3.8.07

Linguistics, Unmarketable

Stephen Colbert reported a couple of days ago (8/1, episode 3099, I just got back from a trip with no television) on the value of linguistics, at least as an undergraduate major. The relevant excerpt was taken from The No Fact Zone:
It’s a breakthrough that allows me to achieve a long time dream, arranging all fields of knowledge into a three-tiered pricing system: ‘marketable’, ‘non-marketable’, and ‘you know this is killing your parents’.

Now, ‘marketable’ is the priciest: business, engineering and science. And whatever future professional football players major in.

Then there’s ‘non-marketable’. That’s for majors like history. Why spend a lot for it when you won’t get a high paying job? Plus, if you don’t learn history, evidently you’re doomed to repeat it, and you’ll find out what happened for free.

Finally, the lowest tier, which includes classics, comparative literature, linguistics; basically, anything taught by someone who says he ‘lives to teach’. Of course, if these universities really want to revolutionize education, they should apply monetary values not just to majors, but to individual facts. [emphasis mine]
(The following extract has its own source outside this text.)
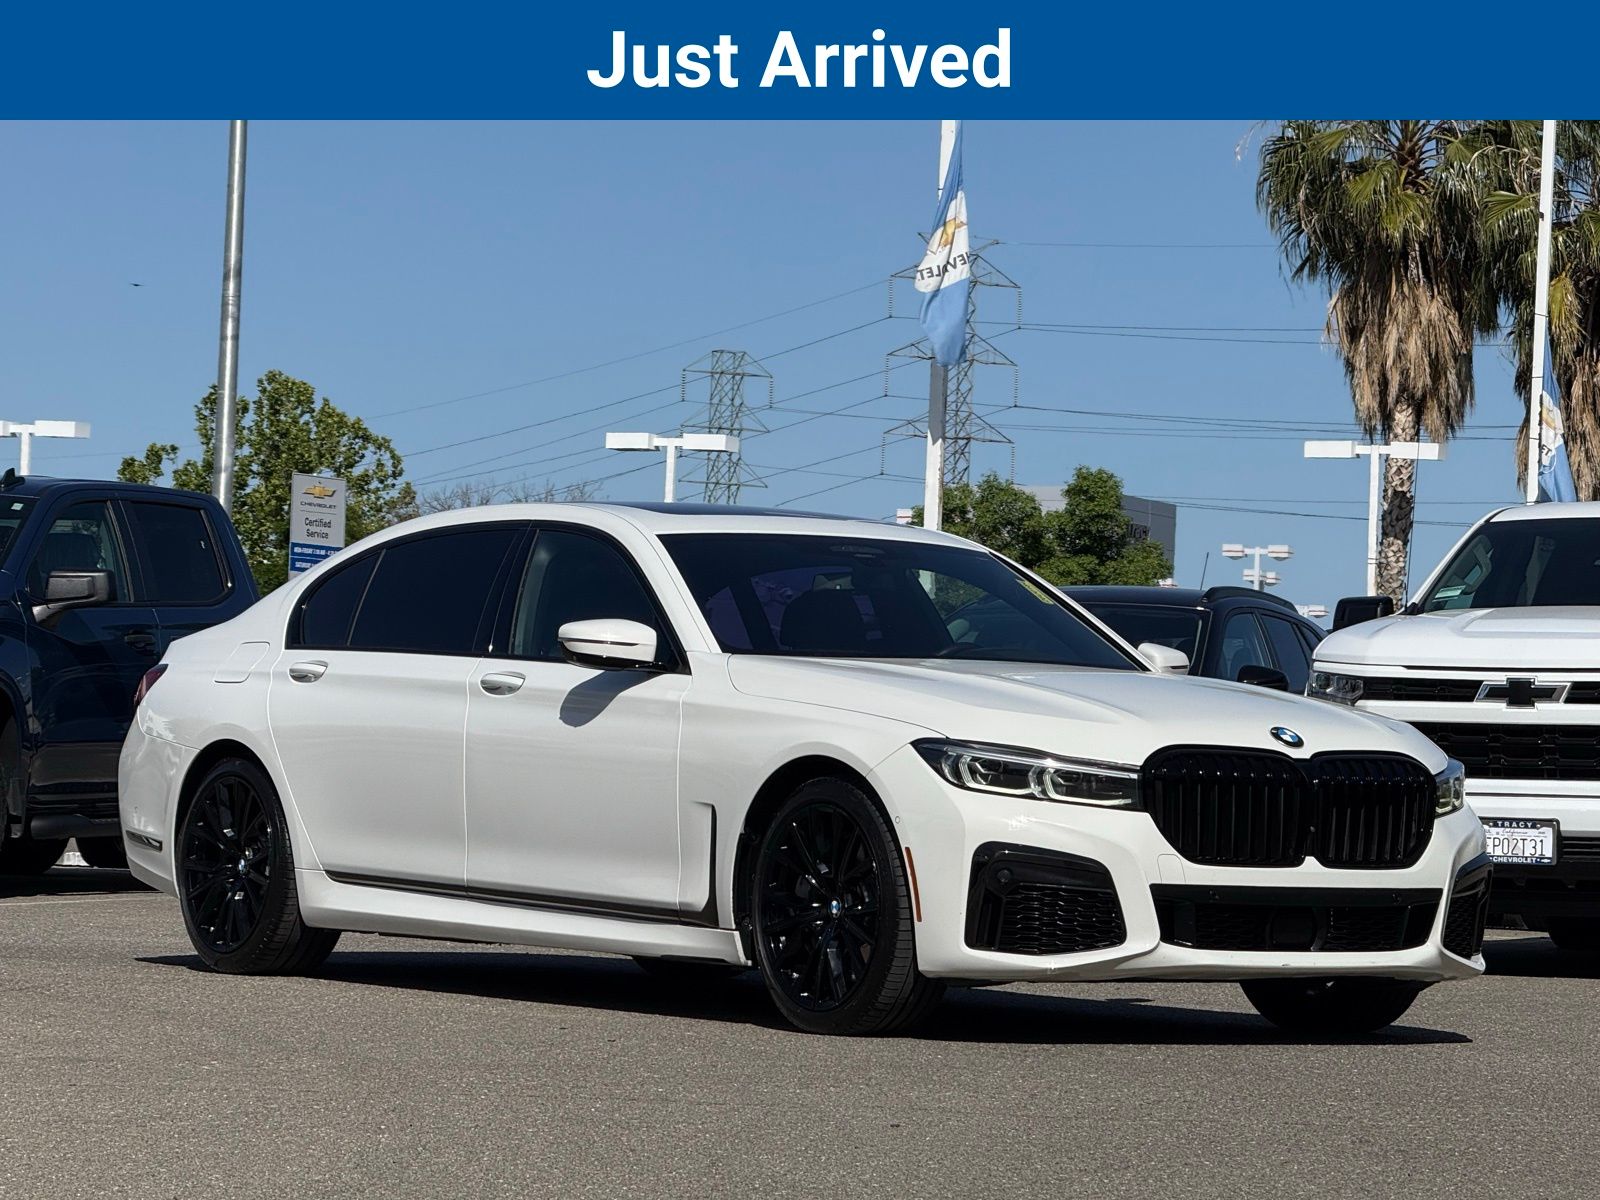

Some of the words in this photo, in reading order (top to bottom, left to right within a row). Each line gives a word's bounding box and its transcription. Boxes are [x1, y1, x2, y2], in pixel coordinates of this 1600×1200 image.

[300, 501, 336, 509] CHEVROLET
[304, 517, 331, 528] Certified
[306, 529, 329, 539] Service
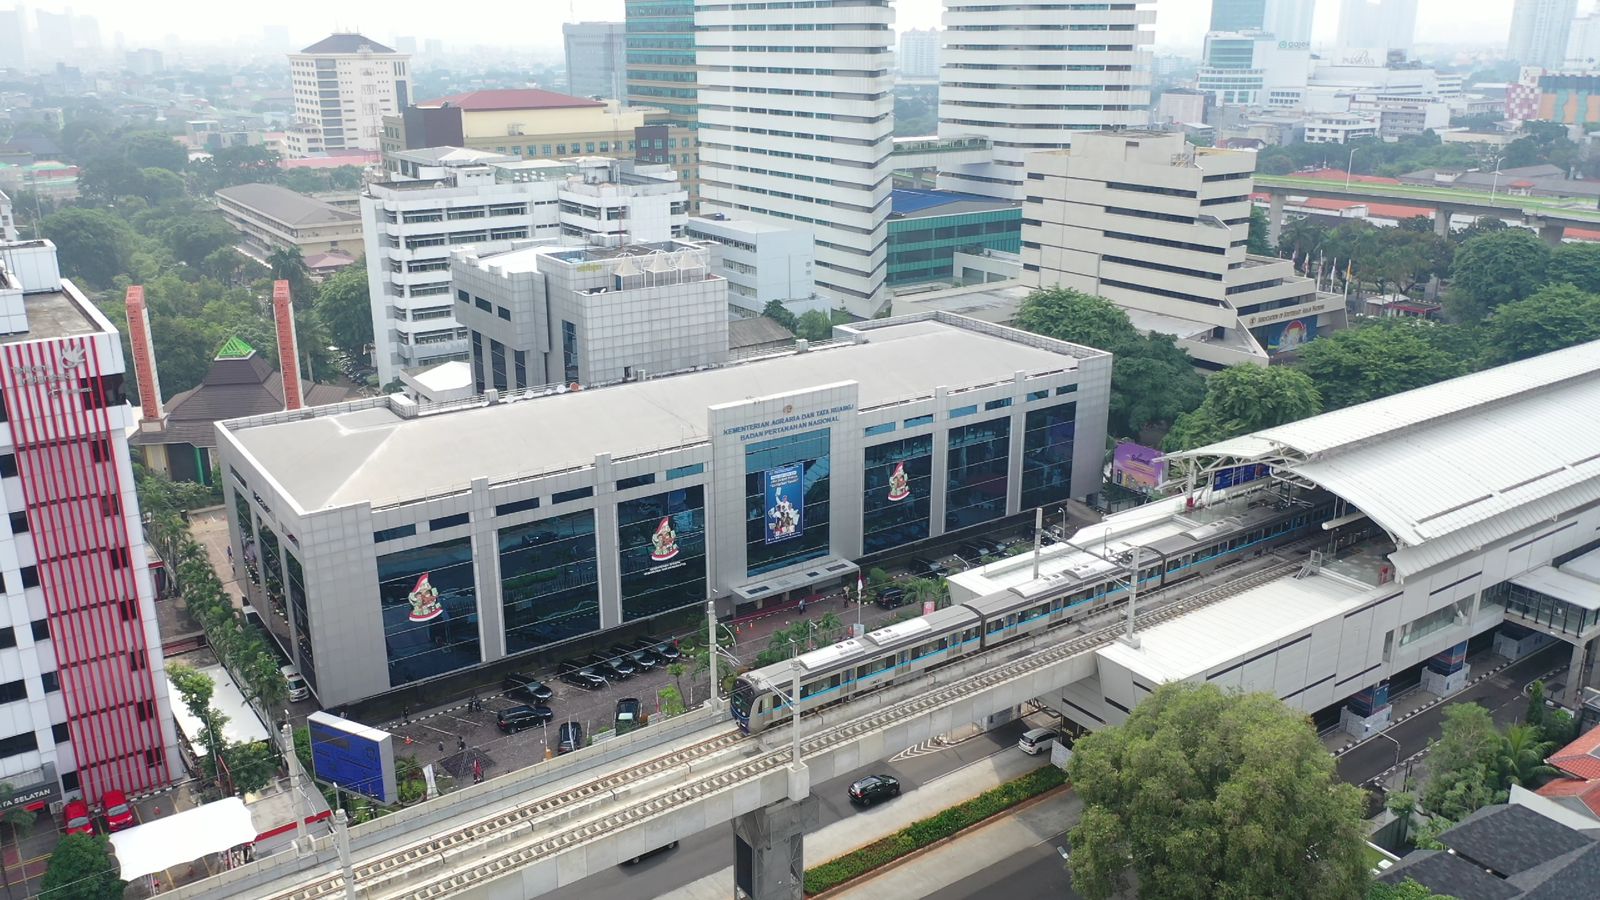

The acticle linked to from The No Fact Zone doesn't seem to mention any of the third-tier programs that Stephen mentions, so it would seem to be something added by the writers for the show. As it is a satire, I would imagine that it is being based off of common (mis) conceptions. Generally speaking though, the low value applied to the listed majors are "what are you going to use that for?" If the focus is more on the end result of a job that one might gain from a type of degree, it might line up with these opinions better. Personally, I never associated the value so much with direct marketabilitiy, and I wouldn't even go so far as to say that a linguistics degree is unmarketable, there have been some surges in demand that have added quite some value, just maybe not in directly linguistics-related areas.